Forget, for a minute, the national spectacle provided by Bret Kavanaugh, Christine Blasey Ford and the Senate Judiciary Committee.
Because the thing in front of the cameras changes almost every day. It’s important, in times like this, to keep your eye on the ball.
The SCOTUS hearing is largely theatrical. What’s real is the looming election — early voting starts in a couple weeks — and the reality that no one, except maybe the Russians, knows what will happen.
So the Kavanaugh Rage Tour becomes just another election opportunity, which looks like a win-win for Democrats. If Kavanaugh gets the nomination, Dems can capitalize on voter outrage to perhaps give them the edge in November. If it gets kicked down the road, Dems can use the Senate races to rally voters to try to block the nomination.
Why would the nomination get postponed until after the election? The answer probably has nothing to do with the FBI investigation, which is scheduled to end on Friday and has already unearthed some tantalizing, but distracting, details.
Republicans, too, could use this to catalyze their base in the upcoming election, framing it as a last gasp of the “real America” or something. Unless they’re expecting to lose in the election, or if it’s very important to get this particular man on the bench.

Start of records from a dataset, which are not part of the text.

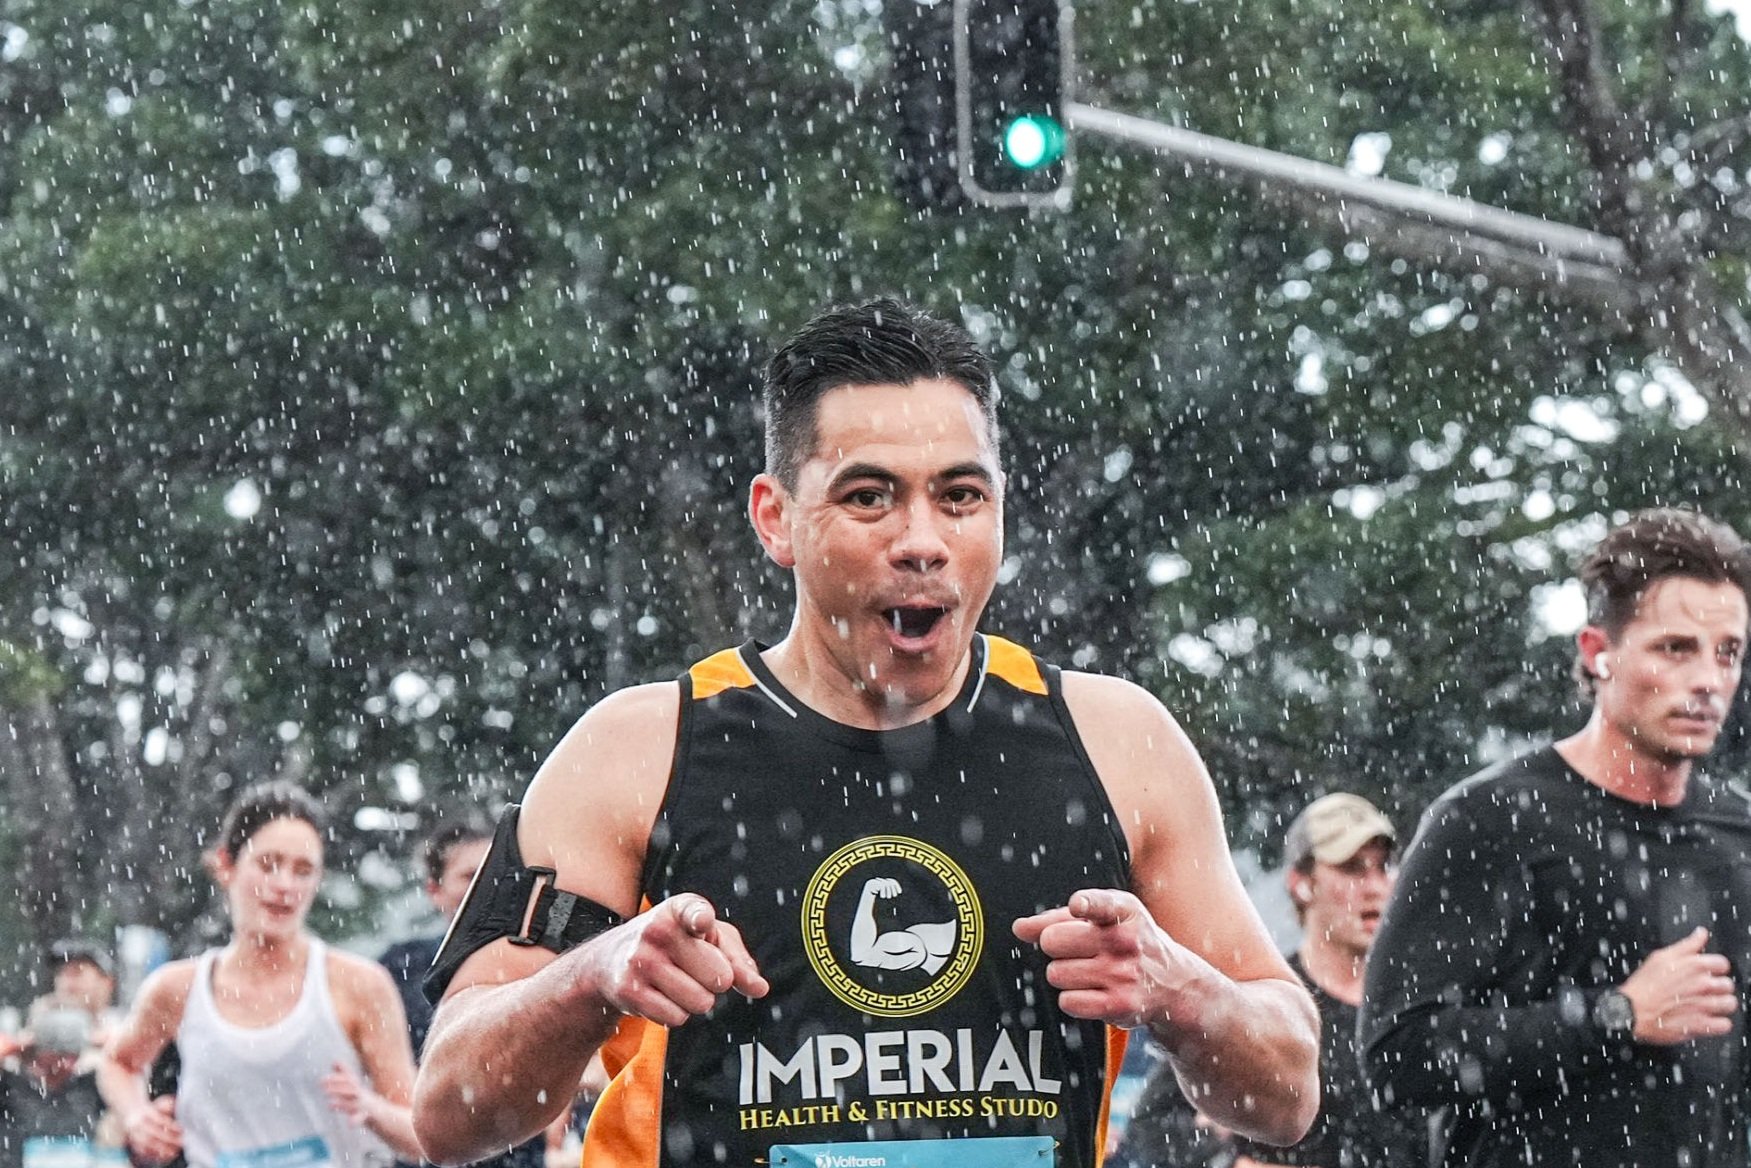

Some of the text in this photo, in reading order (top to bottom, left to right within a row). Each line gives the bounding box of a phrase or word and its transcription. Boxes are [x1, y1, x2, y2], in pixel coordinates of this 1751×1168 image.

[739, 1028, 1062, 1105] IMPERIAL
[739, 1102, 840, 1130] HEALTH
[848, 1101, 869, 1122] &
[876, 1099, 974, 1121] FITNESS
[832, 1154, 886, 1168] Voltaren

There are a couple other things to consider as well.
A raft of new polling comes out this week. So perhaps Senate candidates might want to see what their constituents think before weighing in on this very important issue.
And later this month SCOTUS is scheduled to adjudicate Gamble v. United States, which concerns the double-jeopardy rule as it applies to state and federal charges. If the court decides that someone charged with a federal crime cannot be again charged at the state level, a presidential pardon would give anyone who earned one a complete pass on even the most heinous convictions. Can you think of anyone in need of such a pardon?
As marvelous a spectacle as it has been, and continues to be, there is a lot more going on here than Kavanaugh.